(Collected data)
============

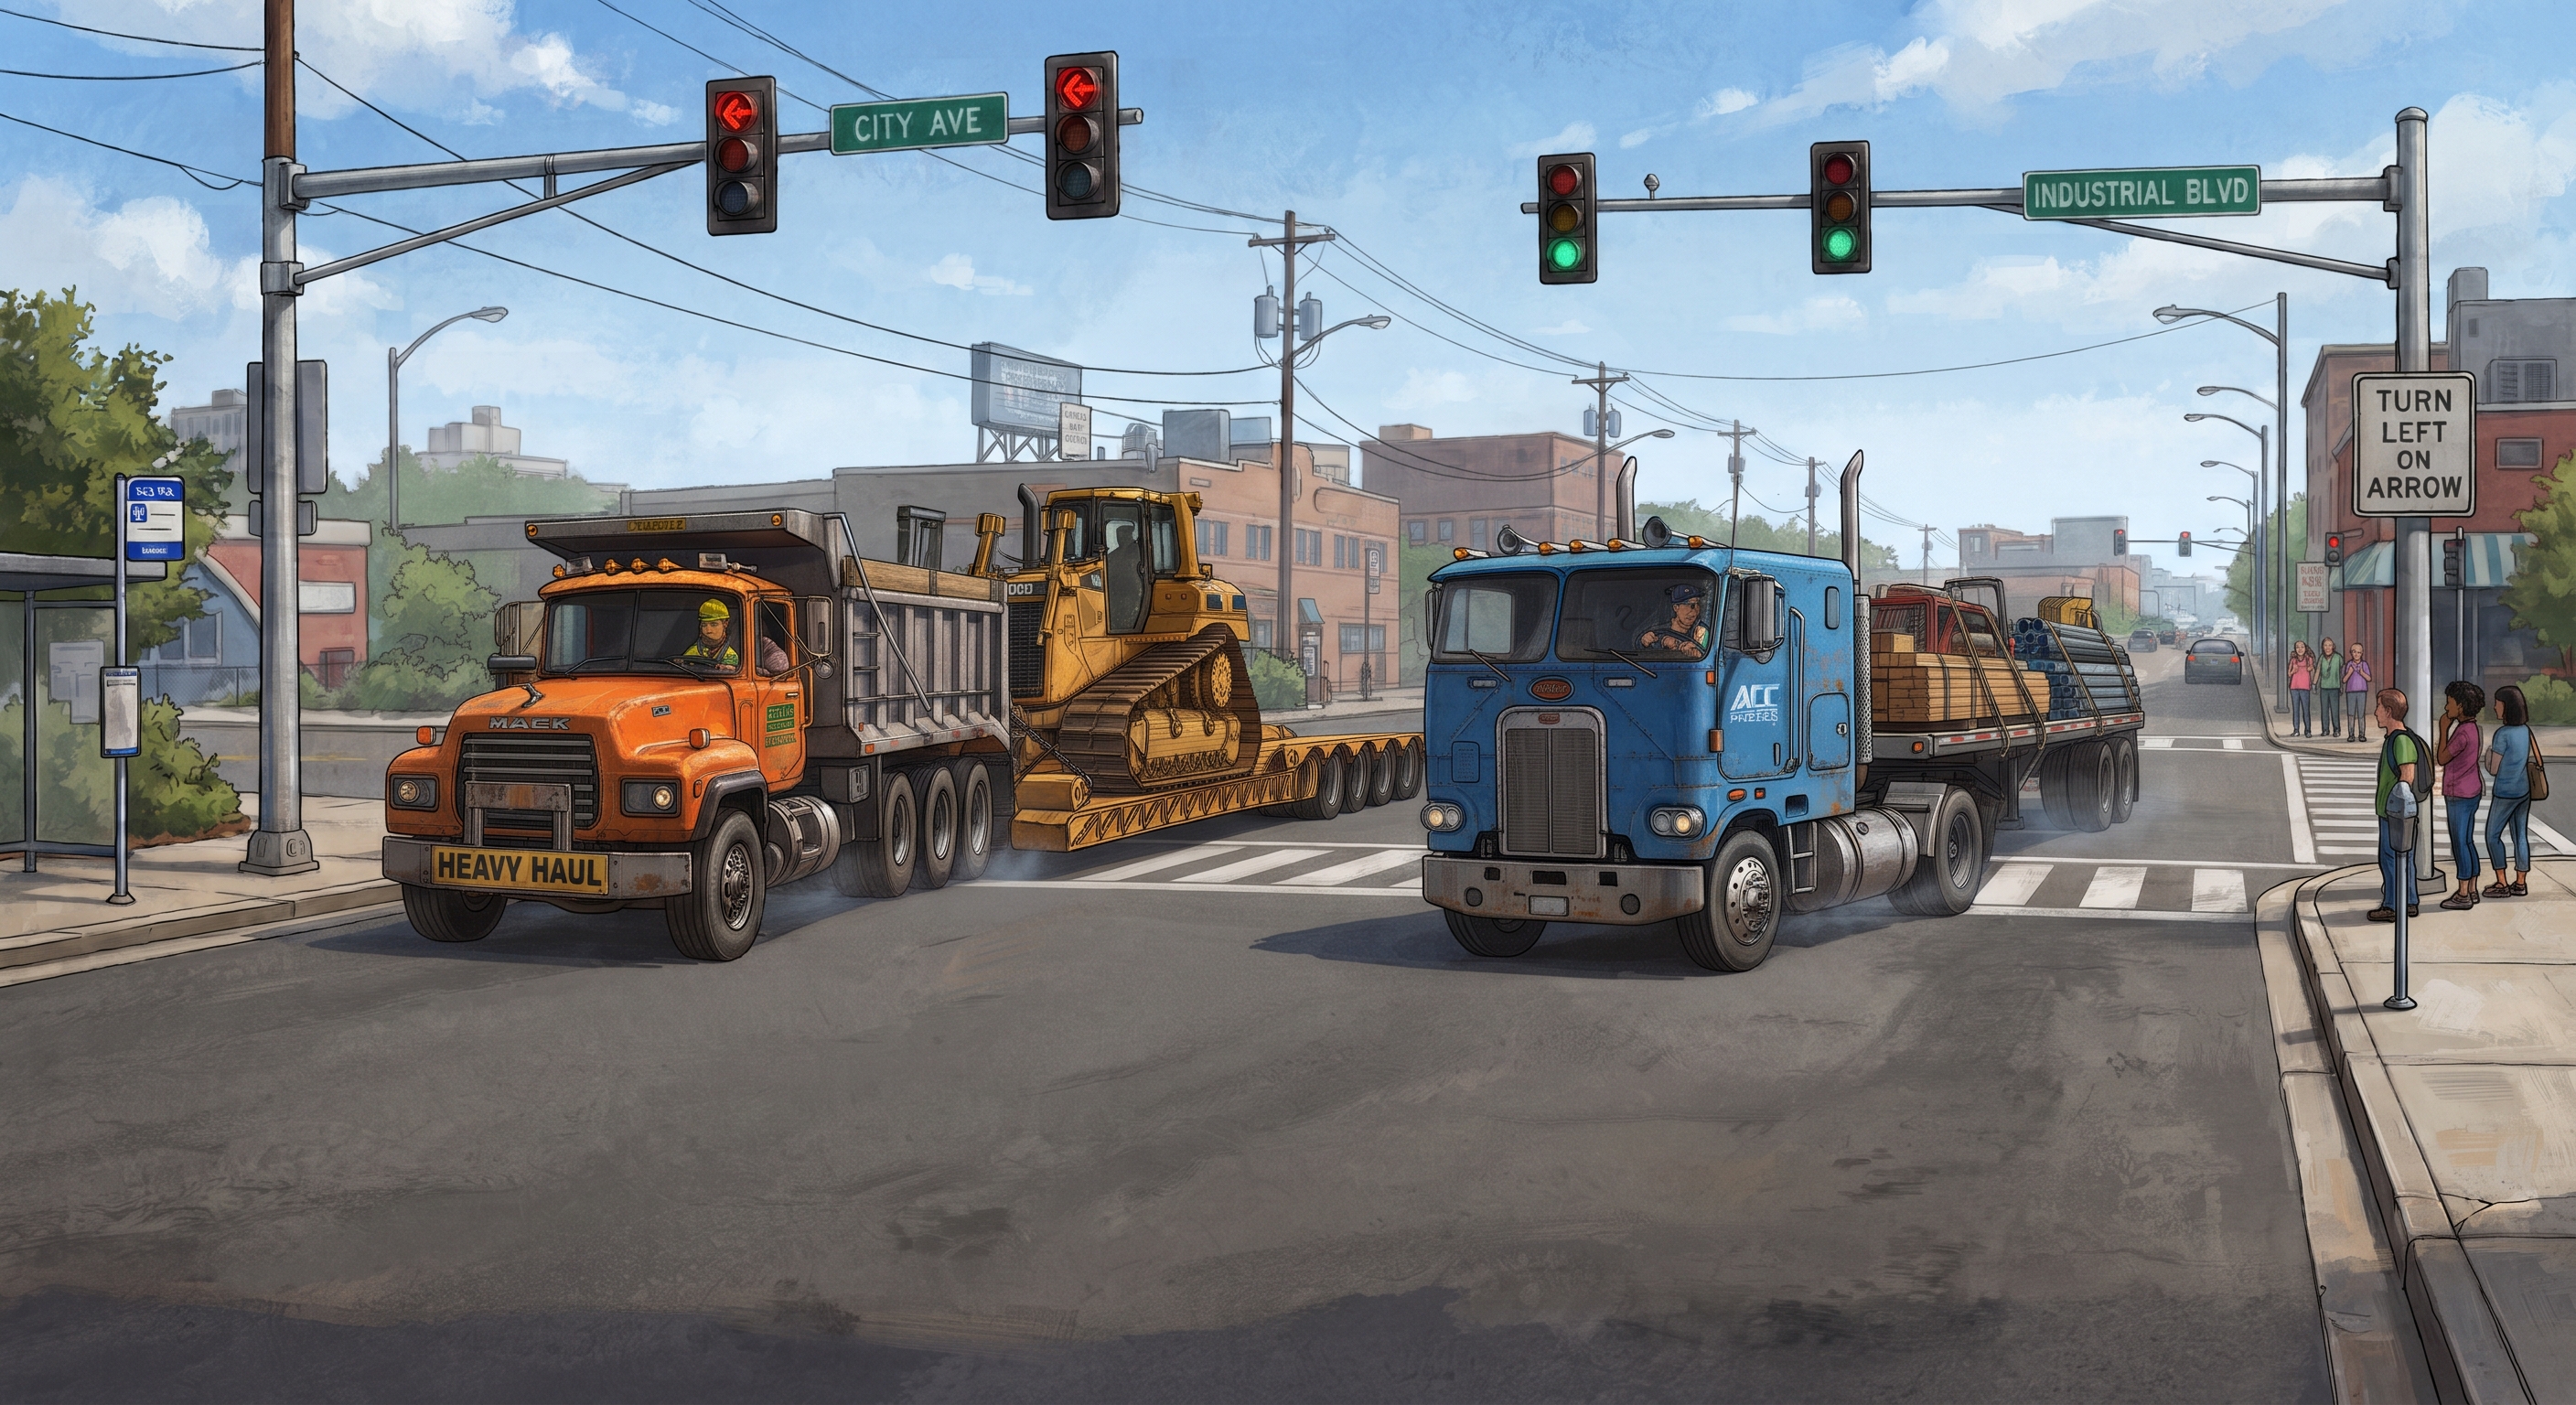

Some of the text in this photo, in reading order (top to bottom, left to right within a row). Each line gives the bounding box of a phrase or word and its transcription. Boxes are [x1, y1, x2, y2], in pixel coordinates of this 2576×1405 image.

[854, 107, 982, 143] CITY AVE
[2034, 177, 2249, 209] INDUSTRIAL BLVD
[2376, 389, 2452, 413] TURN
[2382, 421, 2447, 444] LEFT
[2397, 449, 2431, 470] ON
[2367, 476, 2463, 499] ARROW
[488, 716, 571, 730] MACK
[438, 852, 602, 886] HEAVY HAUL
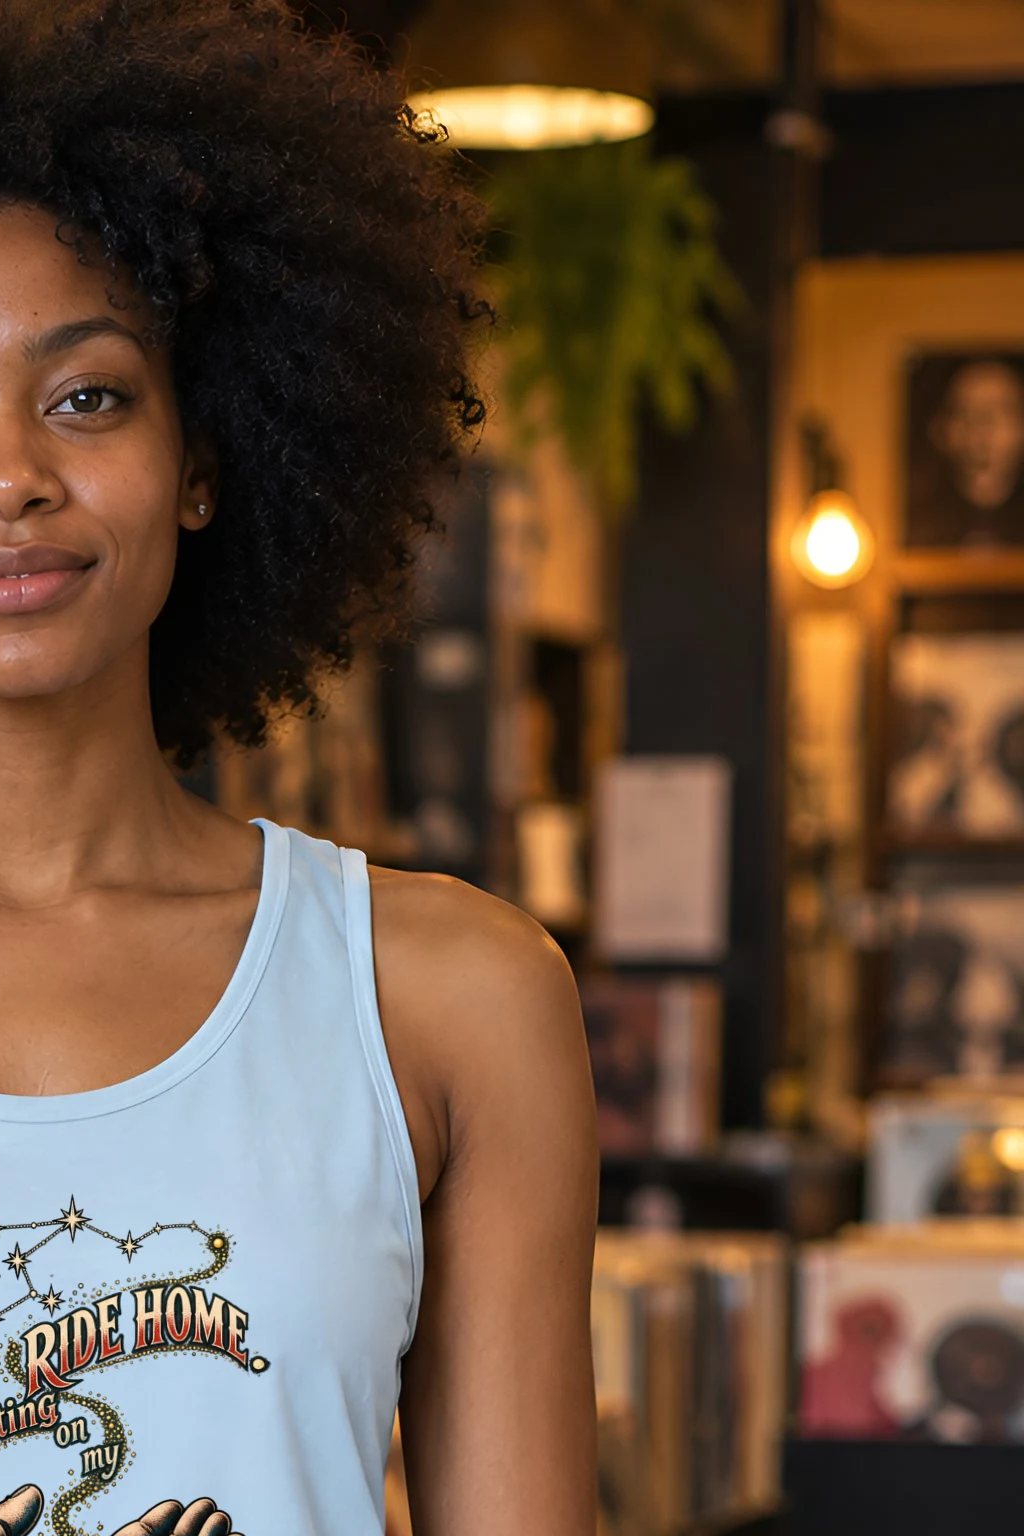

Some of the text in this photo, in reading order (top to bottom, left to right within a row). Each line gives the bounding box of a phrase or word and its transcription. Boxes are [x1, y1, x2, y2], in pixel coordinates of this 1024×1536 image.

[20, 1292, 125, 1399] RIDE
[54, 1416, 91, 1449] on
[79, 1443, 122, 1481] my
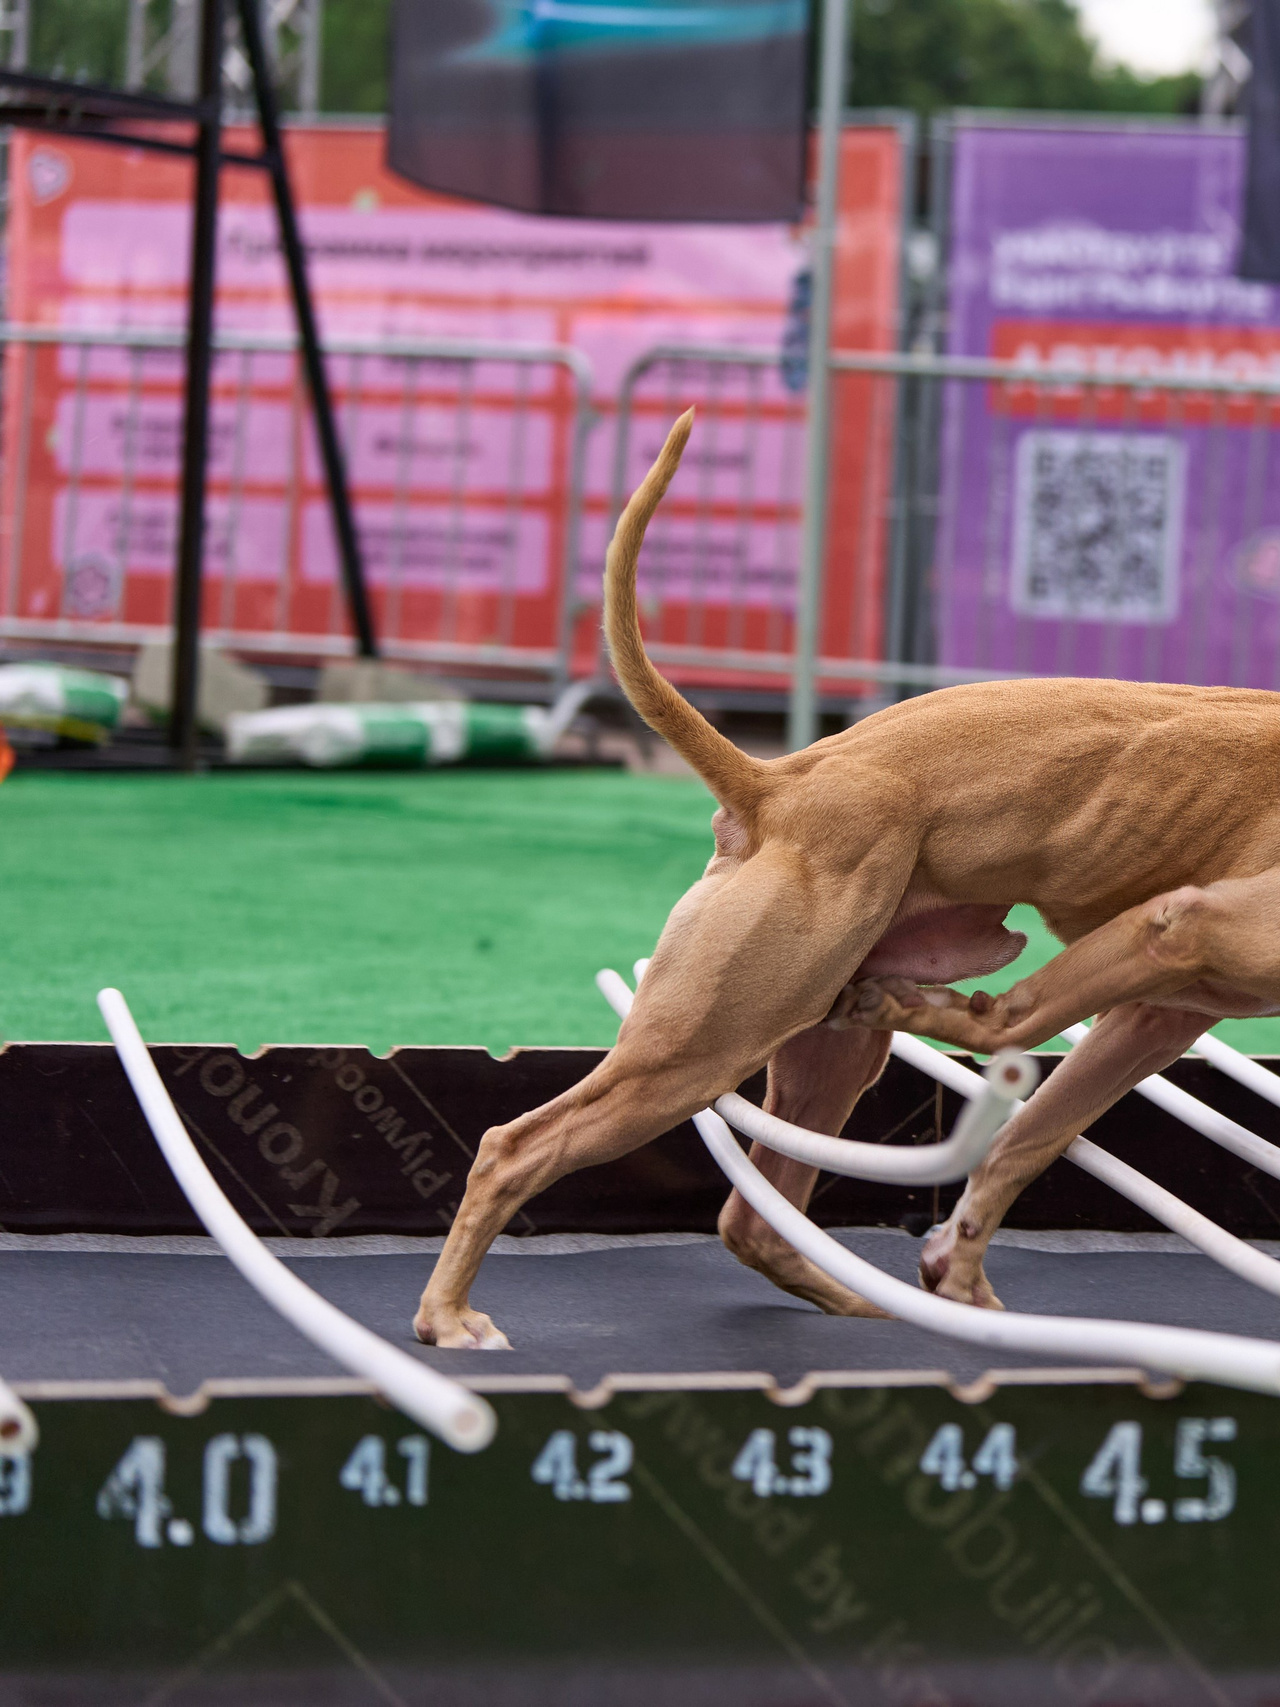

============

■ **To do**:
Restate the records above in full, word for word. Keep pictures out.

■ **Answer space**:
Some of the text in this photo, in reading order (top to bottom, left to right within a row). Each line gives the bounding box of a phrase or word and its transcription. Boxes are [x1, y1, x2, y2], in pixel coordinates of this 2576×1405 image.

[854, 107, 982, 143] CITY AVE
[2034, 177, 2249, 209] INDUSTRIAL BLVD
[2376, 389, 2452, 413] TURN
[2382, 421, 2447, 444] LEFT
[2397, 449, 2431, 470] ON
[2367, 476, 2463, 499] ARROW
[488, 716, 571, 730] MACK
[438, 852, 602, 886] HEAVY HAUL

Some of the text in this photo, in reading order (top to bottom, left to right within a row). Each line gives the bounding box of a phrase or word and its transcription. Boxes are [x1, y1, x2, y2], in pixel coordinates of this 1024×1536 image.

[20, 1292, 125, 1399] RIDE
[54, 1416, 91, 1449] on
[79, 1443, 122, 1481] my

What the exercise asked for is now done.